Her cottage was appropriately just that – a small building built decades earlier with actual thatch on the roof and water from a hand pump. To be sure, she wasn't some country bumpkin who raised sheep and composed bad poetry. She had a house in Exeter, a husband who was a podiatrist, and a small brood of children scattered about the county of Devon.
Yet she was grateful for these moments at her cottage, in her garden, with the dirt of Gaia between her toes. She felt close to her goddess, with whom she shared her name, and to the elements of existence. Yet try as she might, she could not entirely erase the sense of evil that pervaded the earth, sending tendrils of menace around the globe, a malevolent force that had been growing stronger and stronger all year long. An evil that yearned to swallow the entire world in its hellmouth.
Evil was not new to her, nor to her coven. They have all had their share of evil, of death.
Of failure.
Maggie had been too young. So had Cassandra. It was a small pittance of comfort to lay her worst failure on her own youth, her inexperience.
The itch between her shoulders grew stronger. She hooked the basket of flowers in her elbow and reached in her apron for her crystal. The minute she touched its smooth cool façade, a striking image smashed into her brain.
Her dear friend Althanea, slumped against a wall, a knife making its slow, deliberate way inside her, seeking her organs, her blood, her power.
Cassandra closed her eyes to focus more fully on the vision, her heart quailing as the onslaught of visions continued. The blood pooling outward, conquering the complacent linoleum. And Althanea's killer?
Tara.
Dear god.
Cassandra had known this was a possibility, had known since they scried on Tara the day she decided to fish Caleb out of Willow's brain. But to see it happen, her worst fears realized, was nearly more than she could bear.
She had to contact the others. Now. Before it was too late.
Before she opened her eyes, another vision flashed before her. Blue eyes, Tara's perfect hands, and the knife piercing her own chest.
It seemed the fate of Kassandra of old was about to be hers.

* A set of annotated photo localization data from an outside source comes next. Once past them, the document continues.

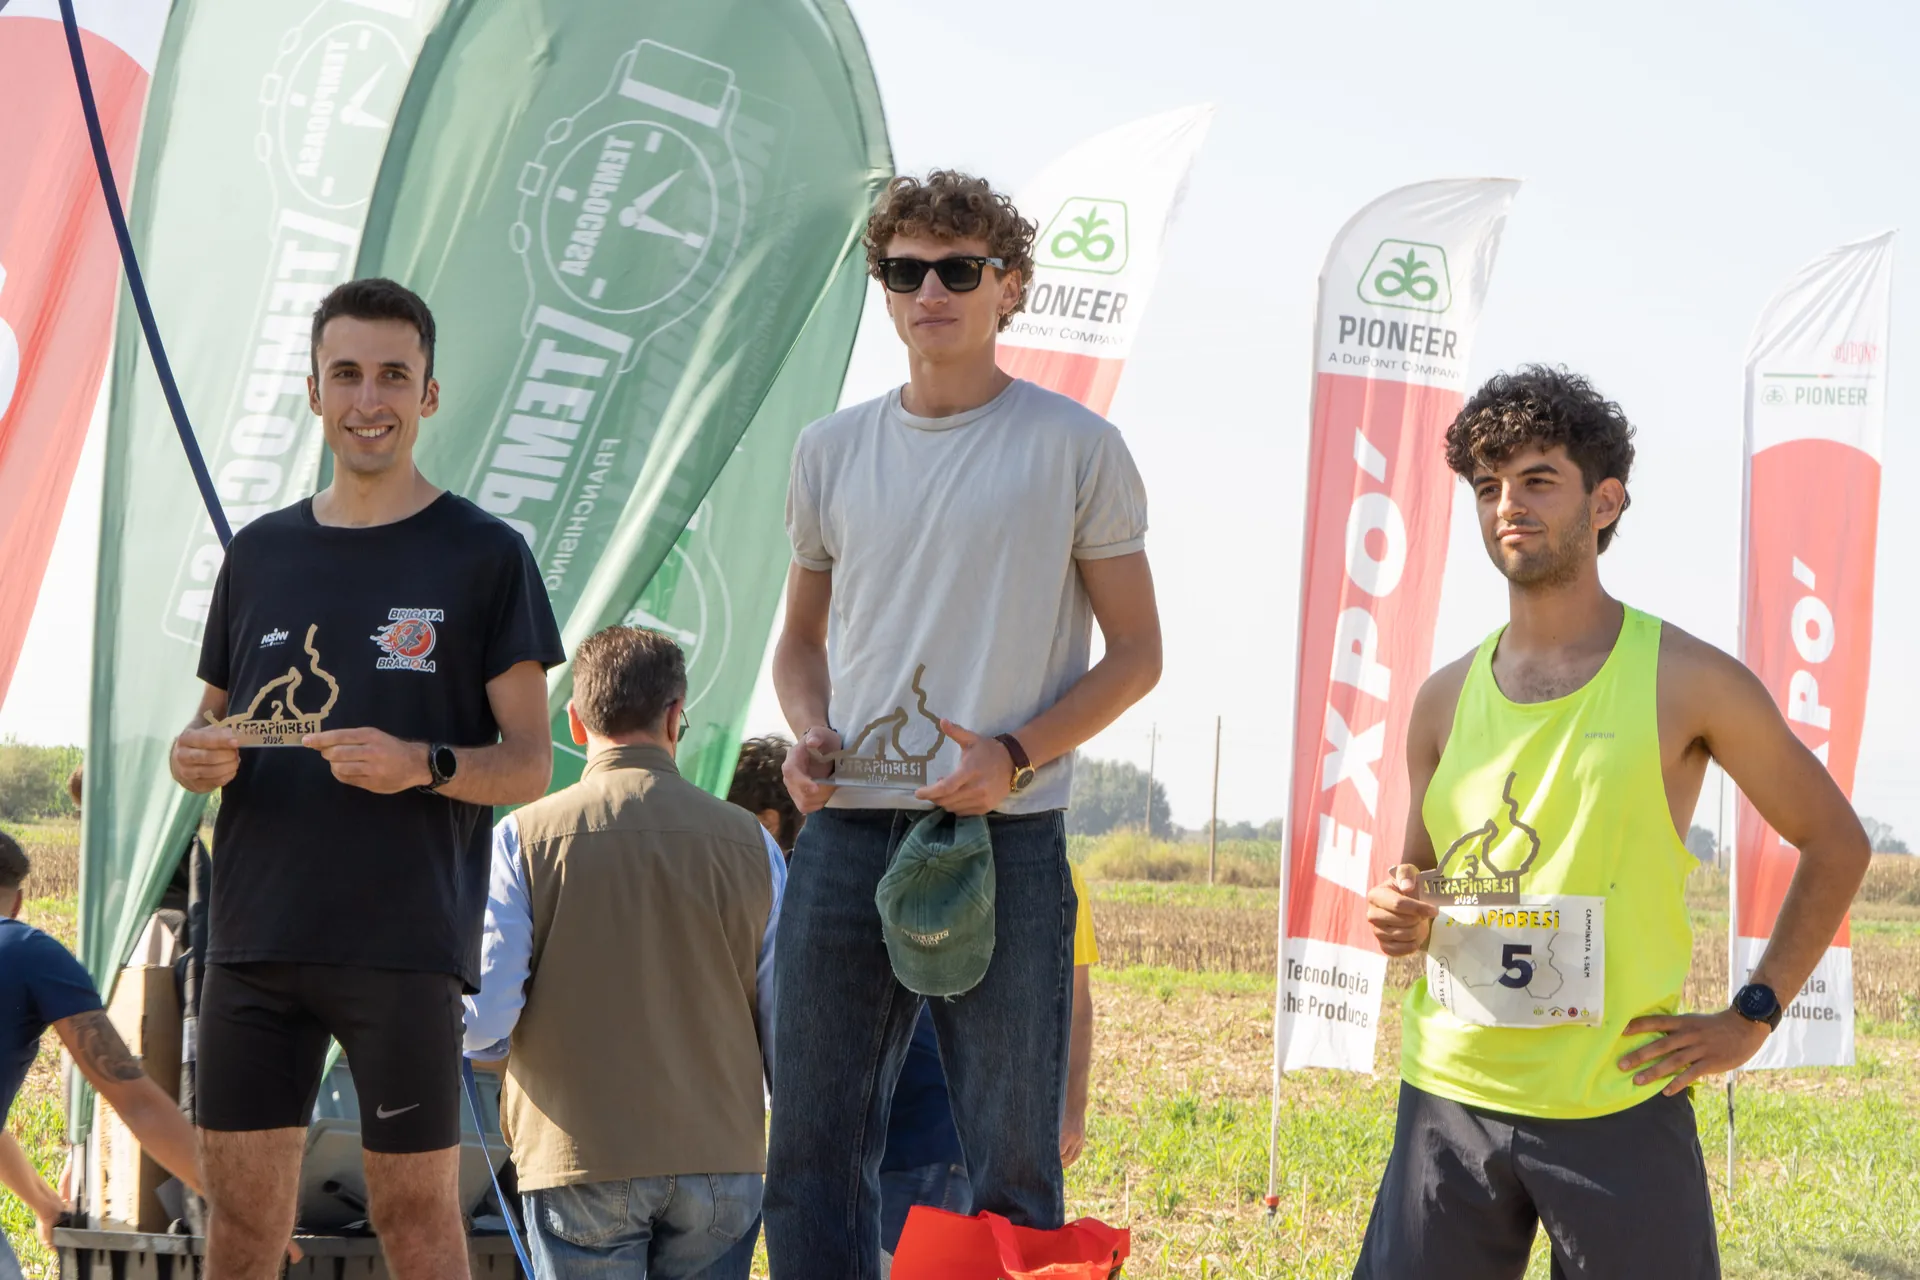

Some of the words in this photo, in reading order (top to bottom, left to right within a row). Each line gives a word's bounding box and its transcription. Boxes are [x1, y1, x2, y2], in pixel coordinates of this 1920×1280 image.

[1030, 283, 1129, 324] ONEER
[1010, 322, 1055, 337] UPONT
[1338, 315, 1458, 360] PIONEER
[1328, 352, 1338, 363] A
[1401, 360, 1461, 379] COMPANY
[1794, 385, 1868, 406] PIONEER
[388, 607, 444, 622] BRIGATA
[376, 657, 436, 673] BRACIOLA
[271, 700, 284, 720] 2
[1464, 854, 1479, 877] 3
[1454, 894, 1479, 906] 2026
[1287, 957, 1369, 995] Tecnologia
[1498, 943, 1533, 989] 5
[1283, 991, 1304, 1014] he
[1308, 995, 1369, 1029] Produce
[1783, 1001, 1834, 1021] oduce
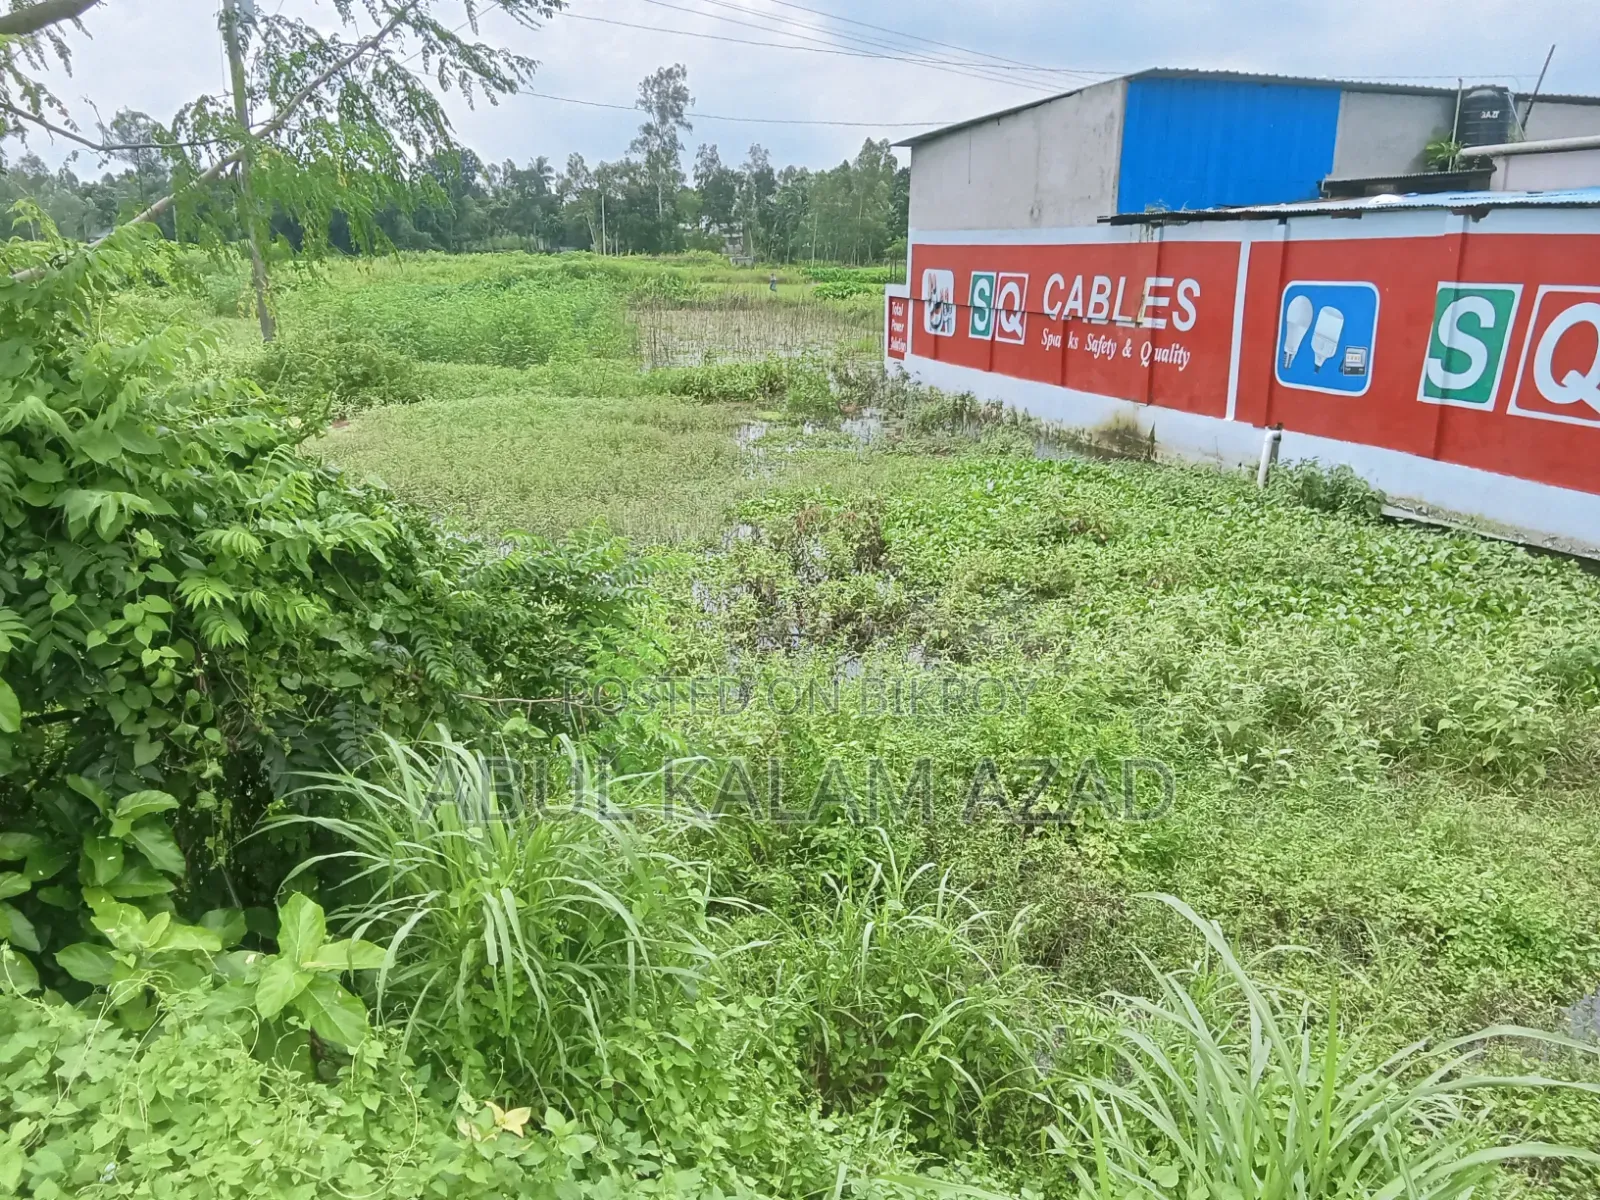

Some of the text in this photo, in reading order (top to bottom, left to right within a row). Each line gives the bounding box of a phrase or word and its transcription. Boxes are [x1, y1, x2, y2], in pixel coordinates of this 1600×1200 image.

[1043, 273, 1200, 332] CABLES
[1084, 333, 1117, 360] Safety
[1122, 338, 1132, 358] &
[1140, 341, 1191, 371] Quality
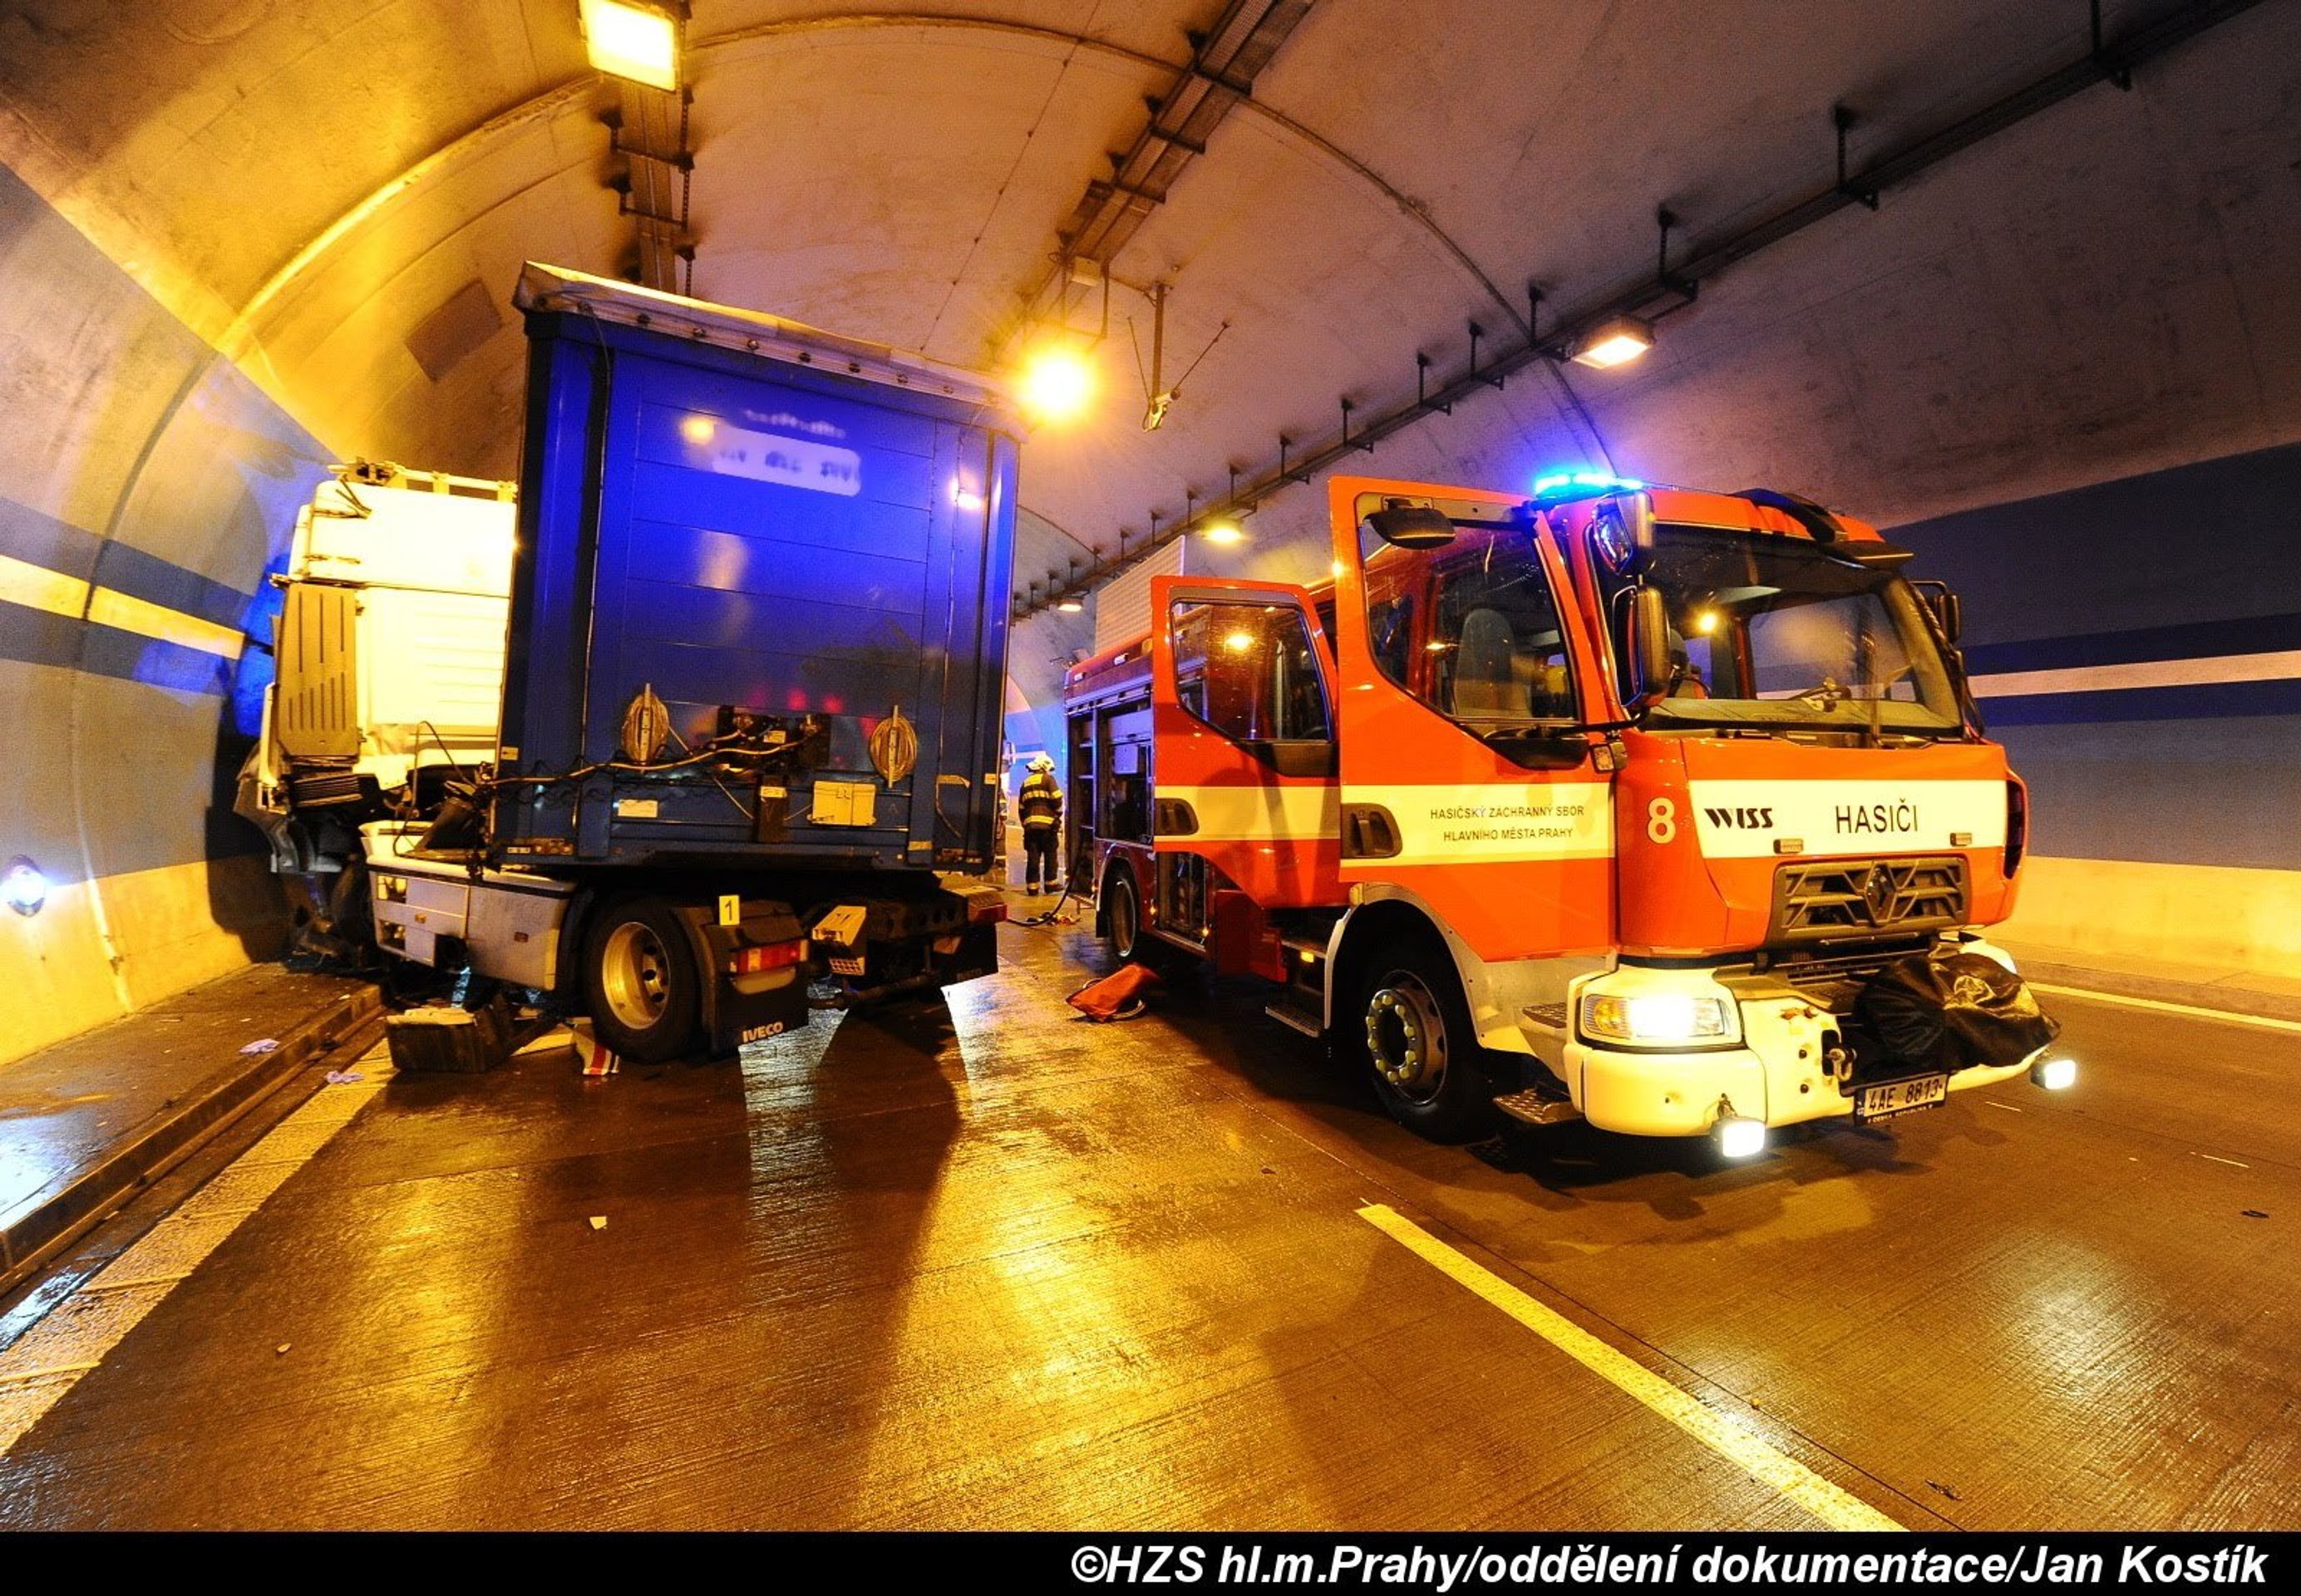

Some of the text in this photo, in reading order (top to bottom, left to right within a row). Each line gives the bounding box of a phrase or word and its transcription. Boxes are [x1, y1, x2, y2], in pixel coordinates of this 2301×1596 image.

[1430, 805, 1486, 820] HASIČSKÝ
[1555, 805, 1584, 816] SBOR
[1648, 797, 1676, 844] 8
[1704, 807, 1774, 830] WISS
[1835, 798, 1919, 834] HASIČI
[1443, 827, 1574, 842] HLAVNÍHO MĚSTA PRAHY
[724, 900, 732, 921] 1
[742, 1022, 784, 1042] IVECO
[1869, 1087, 1896, 1111] 4AE

She opened her eyes and was not surprised to see Tara standing right in front of her, the bloodied knife in her hands, smudges of dirt on her cheeks and clothes, her eyes as malevolent a blue as the lobelia flowers in her garden.
Tara was not in them. For that small favour, Cassandra was glad.
"Good will prevail," Cassandra whispered, scared but trying not to be.
The basket of flowers tumbled from her elbow as the knife found her heart. They would wilt in the relentless heat of the summer afternoon, discarded forever. The nearest neighbour would discover her body in the garden when she came for their customary afternoon tea. That evening she would scald her hands trying to get Cassandra's blood out of the hem of her flowery skirt, weeping all the while. Only the coven would realize what was happening, why select members of their sect were dying so violently, so fast, but they wouldn't realize in time. Meanwhile, Cassandra was dead, and her knowledge of the other chief supplicants of the gods was stolen.
...
Aristotle may have said that all men by nature desire knowledge, but Oz knew differently. Men desired money, power, toys, and women. Oz knew that knowledge itself was just a chamber pot for the gods, a receptacle for all sorts of mental effluvium and just as meaningless. Those intellectually gifted people he was forced to associate with would spout about knowledge and wisdom and the mysteries of the universe, pontificating endlessly with rapacious wit to the detriment of the entire human species, perspicacious in their dealings with man and shunned because of it.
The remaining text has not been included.